» **ASSIGNED TASK**: Every entry below should appear in the answer exactly as written, apart from the pictures.

MATERIALS PROVIDED Start Marker

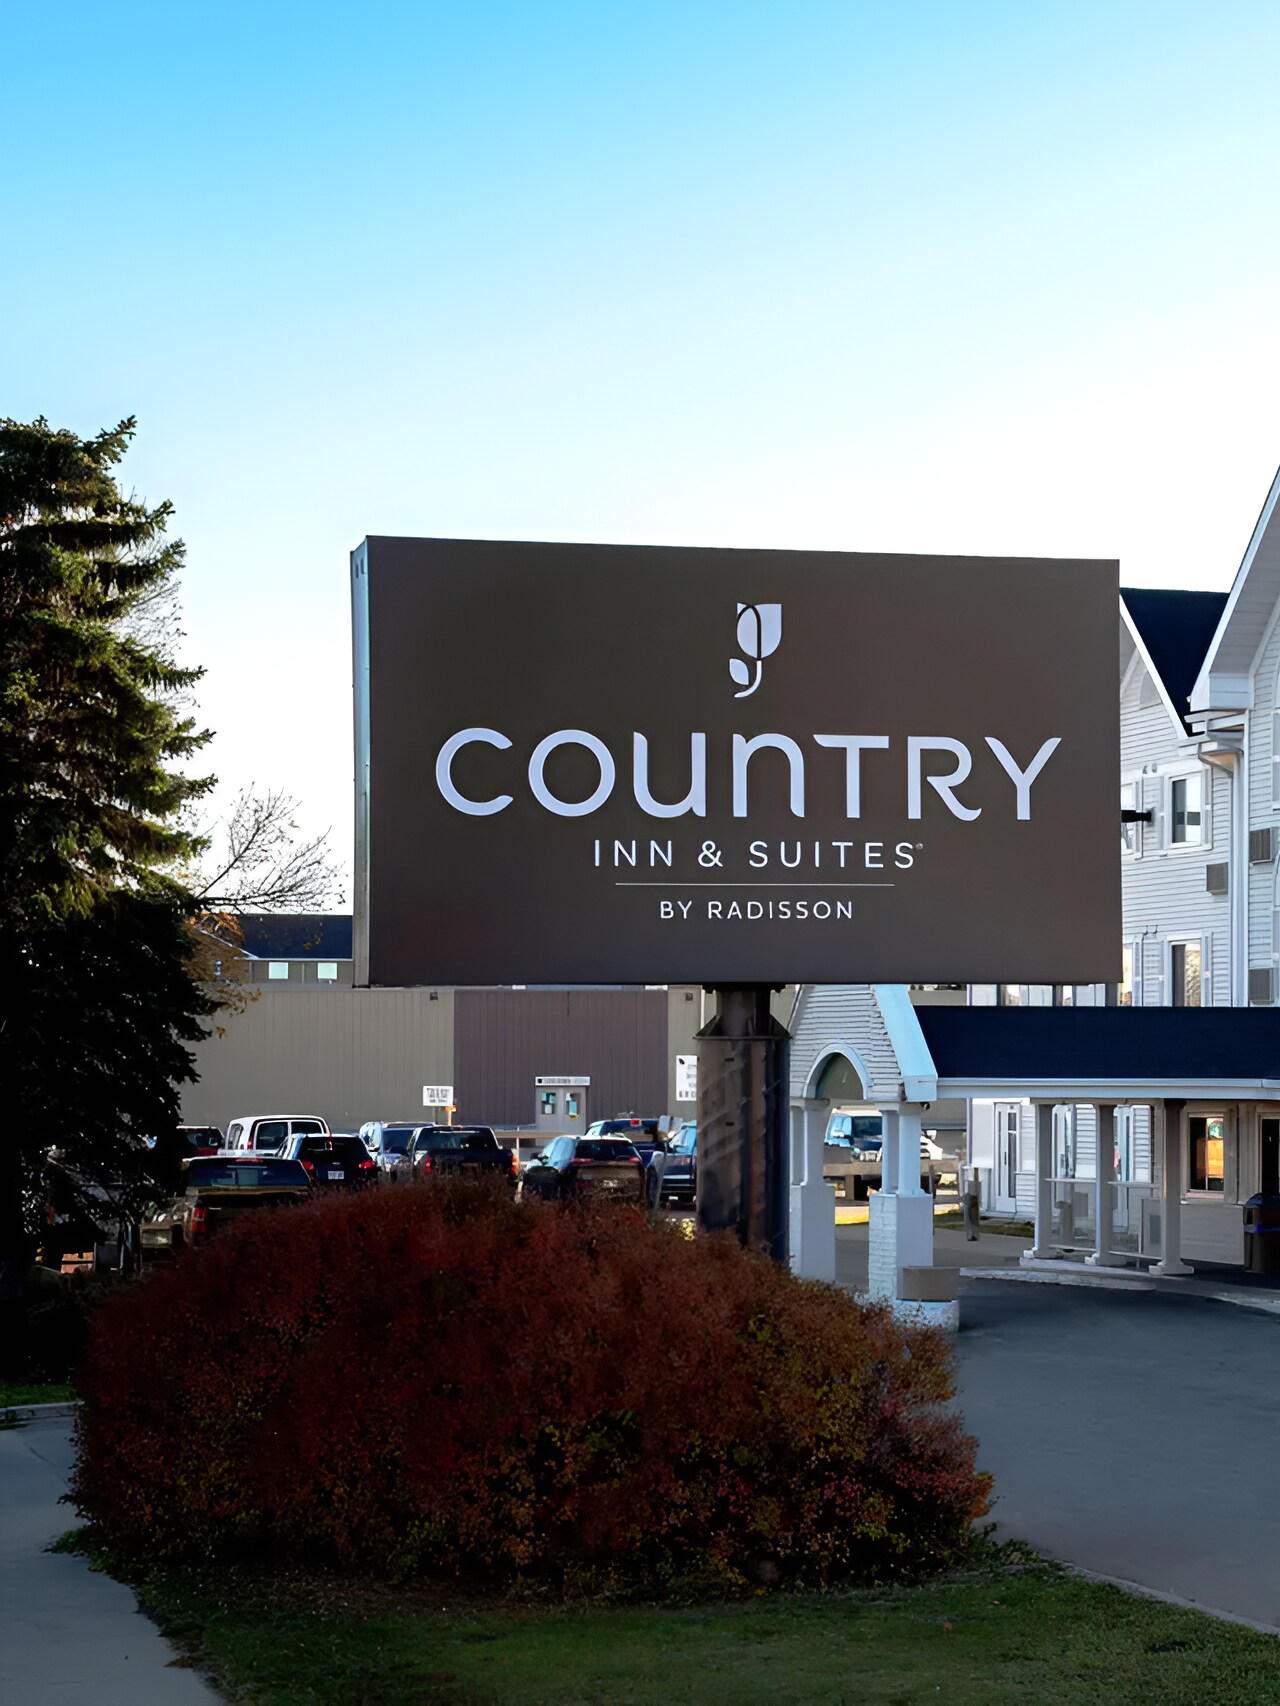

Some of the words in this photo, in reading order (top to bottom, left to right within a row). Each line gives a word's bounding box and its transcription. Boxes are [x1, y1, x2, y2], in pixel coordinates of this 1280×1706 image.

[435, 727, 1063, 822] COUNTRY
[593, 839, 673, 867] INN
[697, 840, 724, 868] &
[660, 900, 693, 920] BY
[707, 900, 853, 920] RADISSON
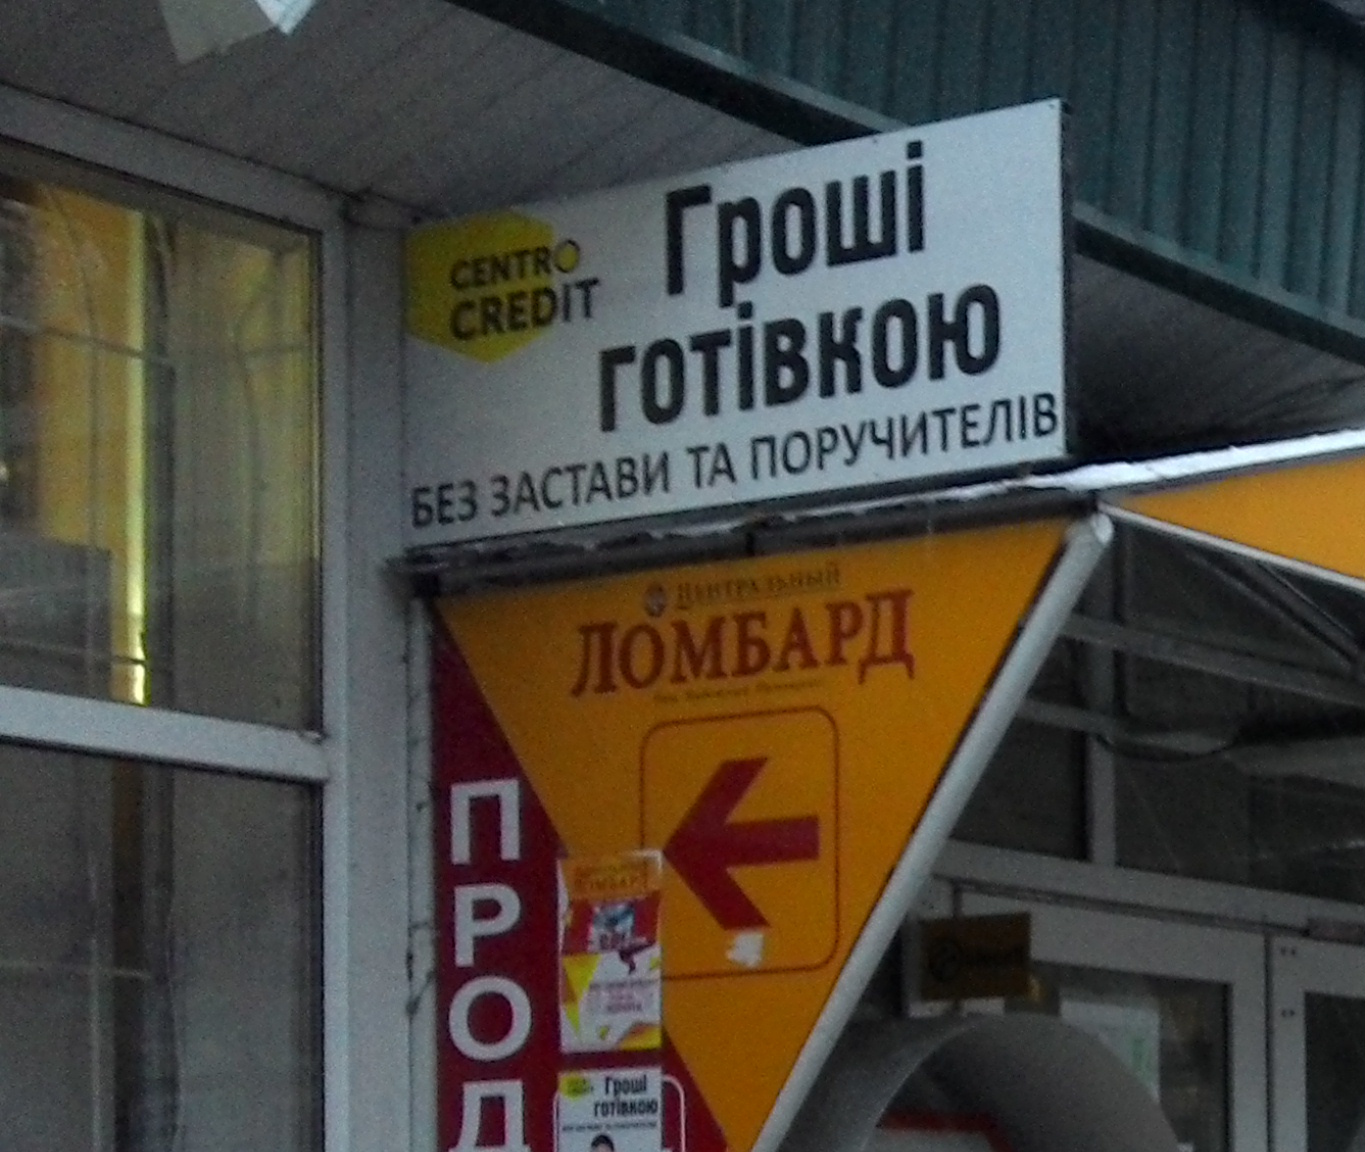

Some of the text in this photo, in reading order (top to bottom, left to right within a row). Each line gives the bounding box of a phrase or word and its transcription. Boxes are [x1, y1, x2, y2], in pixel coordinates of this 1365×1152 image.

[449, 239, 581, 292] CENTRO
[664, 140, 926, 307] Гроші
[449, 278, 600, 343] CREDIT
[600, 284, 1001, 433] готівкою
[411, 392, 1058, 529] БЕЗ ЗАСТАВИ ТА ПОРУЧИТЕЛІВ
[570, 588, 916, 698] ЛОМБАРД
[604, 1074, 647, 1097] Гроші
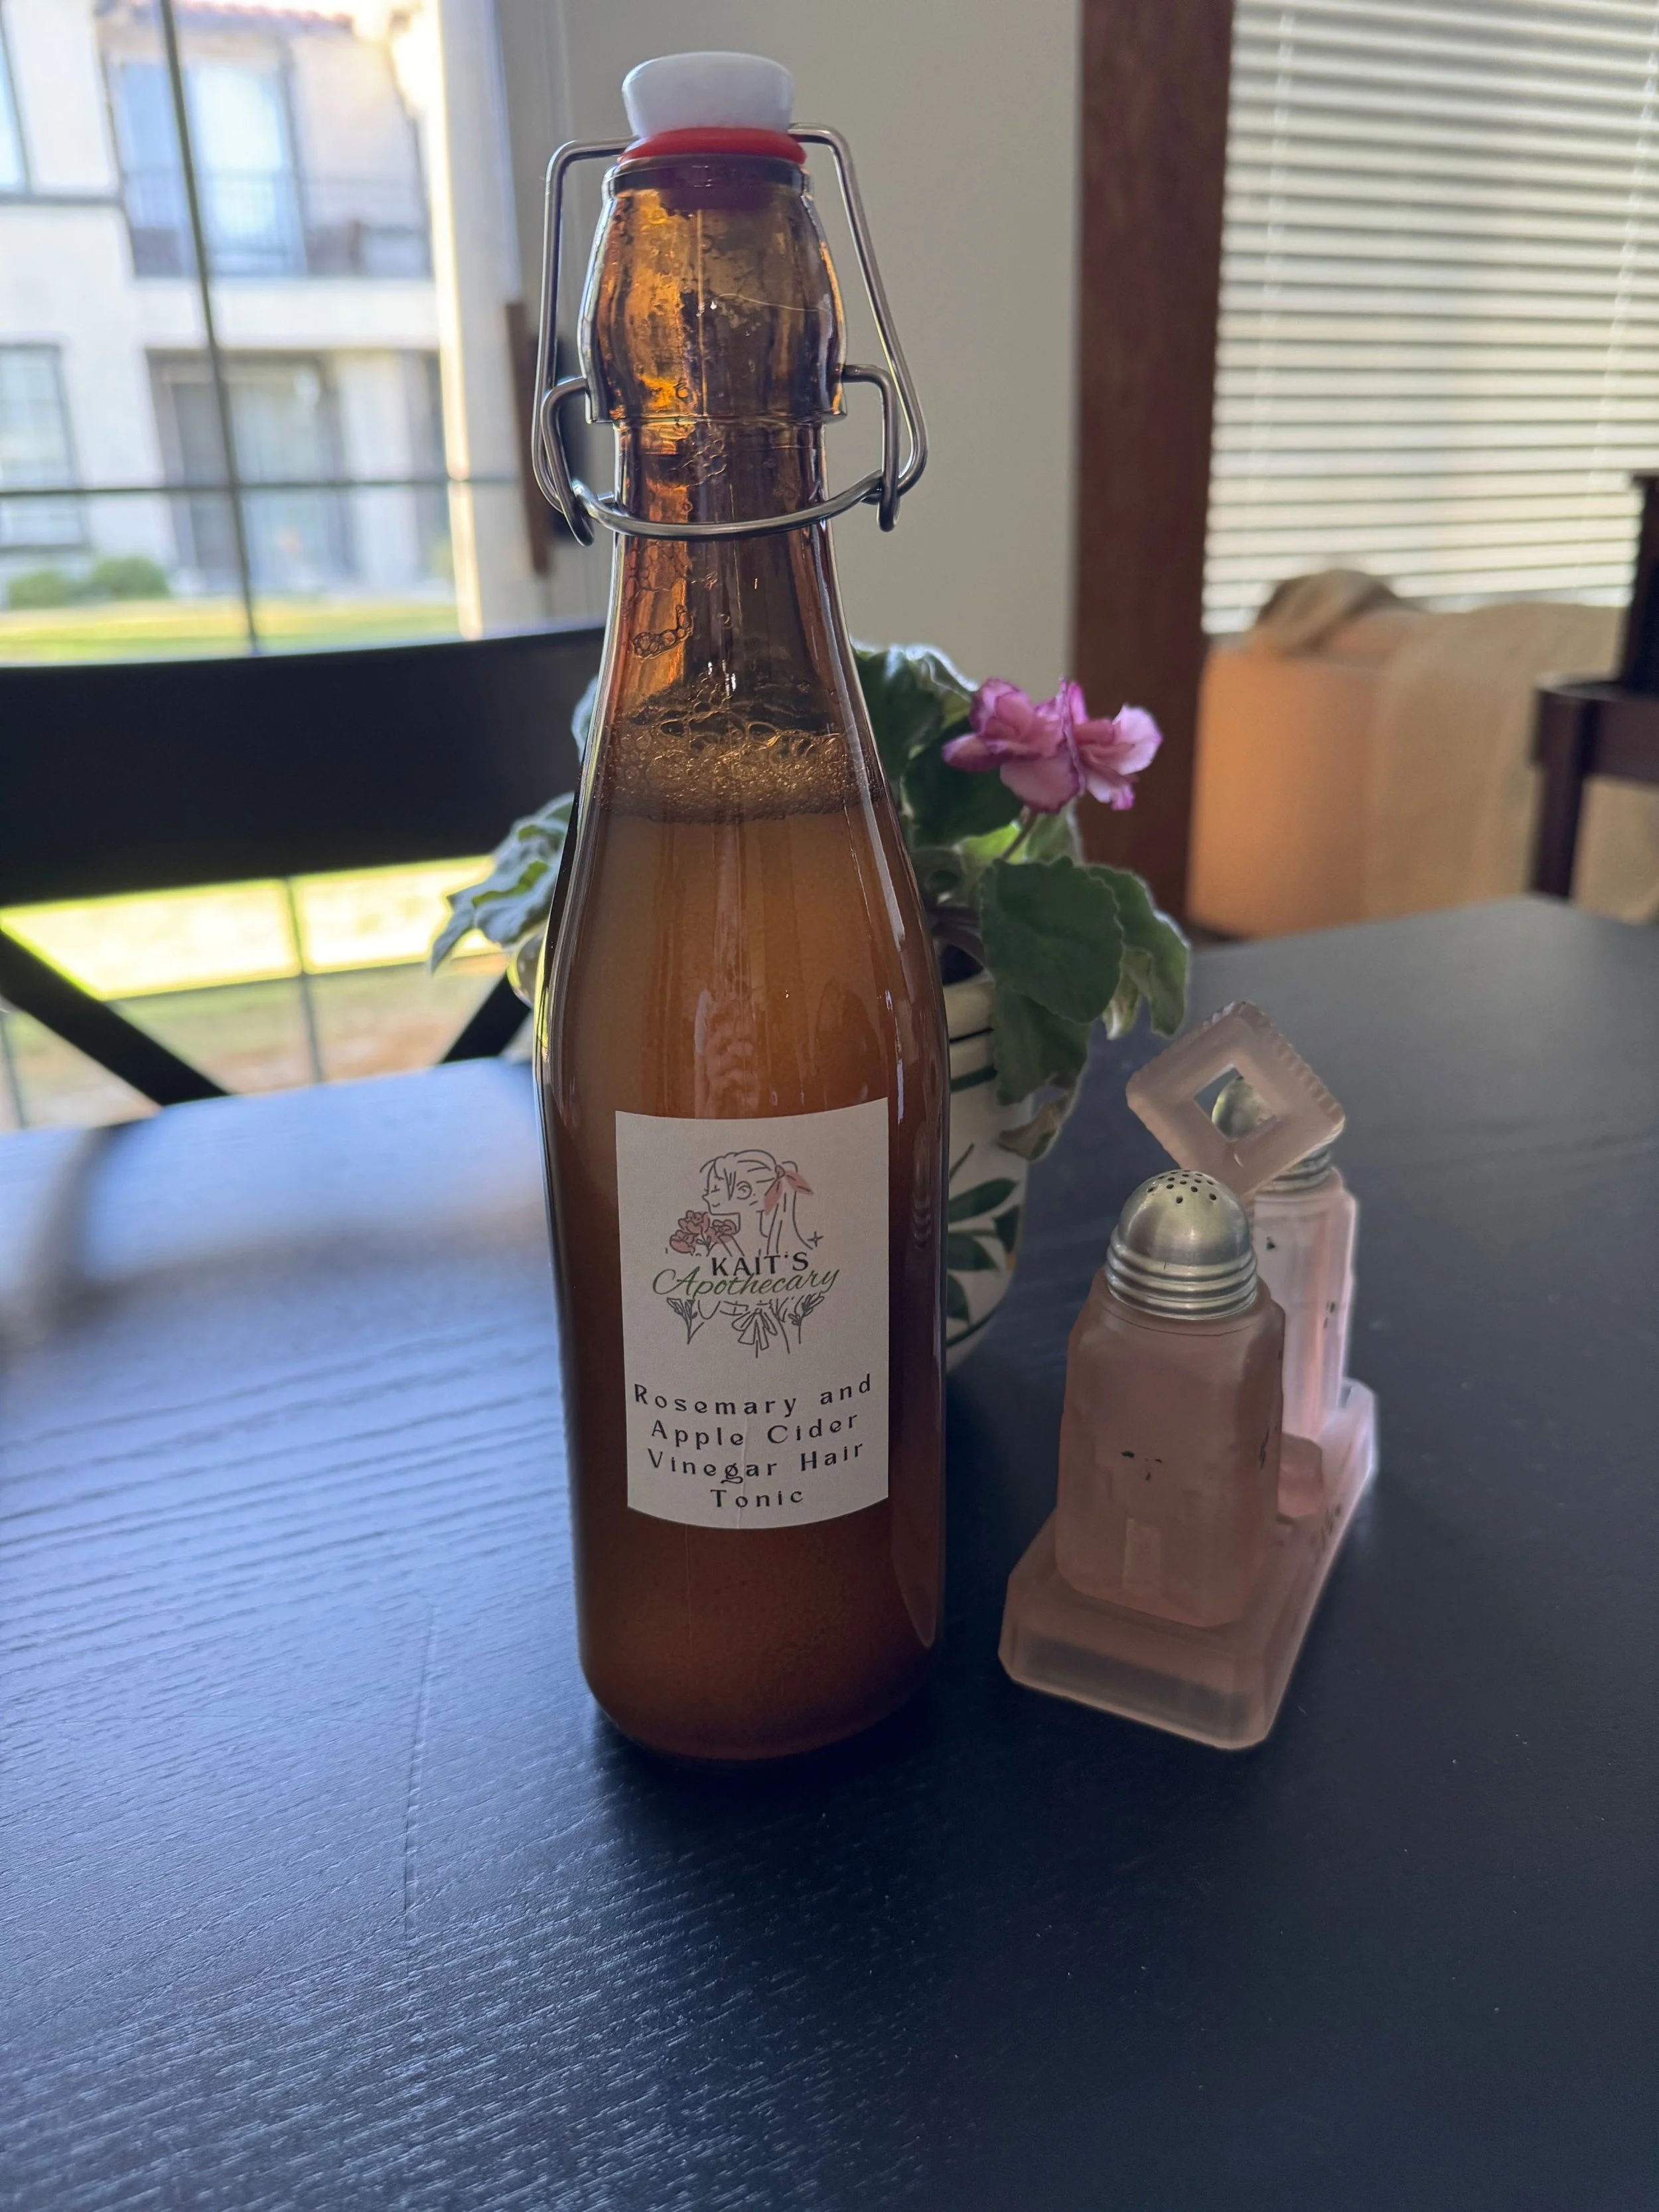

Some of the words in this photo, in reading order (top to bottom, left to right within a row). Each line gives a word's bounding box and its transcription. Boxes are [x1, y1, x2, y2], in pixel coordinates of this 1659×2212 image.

MATERIALS PROVIDED End Marker

» **YOUR SOLUTION**:
Some of the words in this photo, in reading order (top to bottom, left to right within a row). Each line gives a word's bounding box and its transcription. Boxes are [x1, y1, x2, y2], in pixel coordinates of this 1280×1706 image.

[435, 727, 1063, 822] COUNTRY
[593, 839, 673, 867] INN
[697, 840, 724, 868] &
[660, 900, 693, 920] BY
[707, 900, 853, 920] RADISSON

Some of the text in this photo, in reading order (top to bottom, left to right within a row). Each line gives the bounding box of a phrase or word and its transcription. Boxes are [x1, y1, x2, y2], in pixel coordinates of this 1365×1152 image.

[449, 239, 581, 292] CENTRO
[664, 140, 926, 307] Гроші
[449, 278, 600, 343] CREDIT
[600, 284, 1001, 433] готівкою
[411, 392, 1058, 529] БЕЗ ЗАСТАВИ ТА ПОРУЧИТЕЛІВ
[570, 588, 916, 698] ЛОМБАРД
[604, 1074, 647, 1097] Гроші

Some of the words in this photo, in reading order (top to bottom, left to right within a row). Each line gives a word's bounding box and its transcription. Boxes are [x1, y1, x2, y2], in pixel coordinates of this 1659×2212 image.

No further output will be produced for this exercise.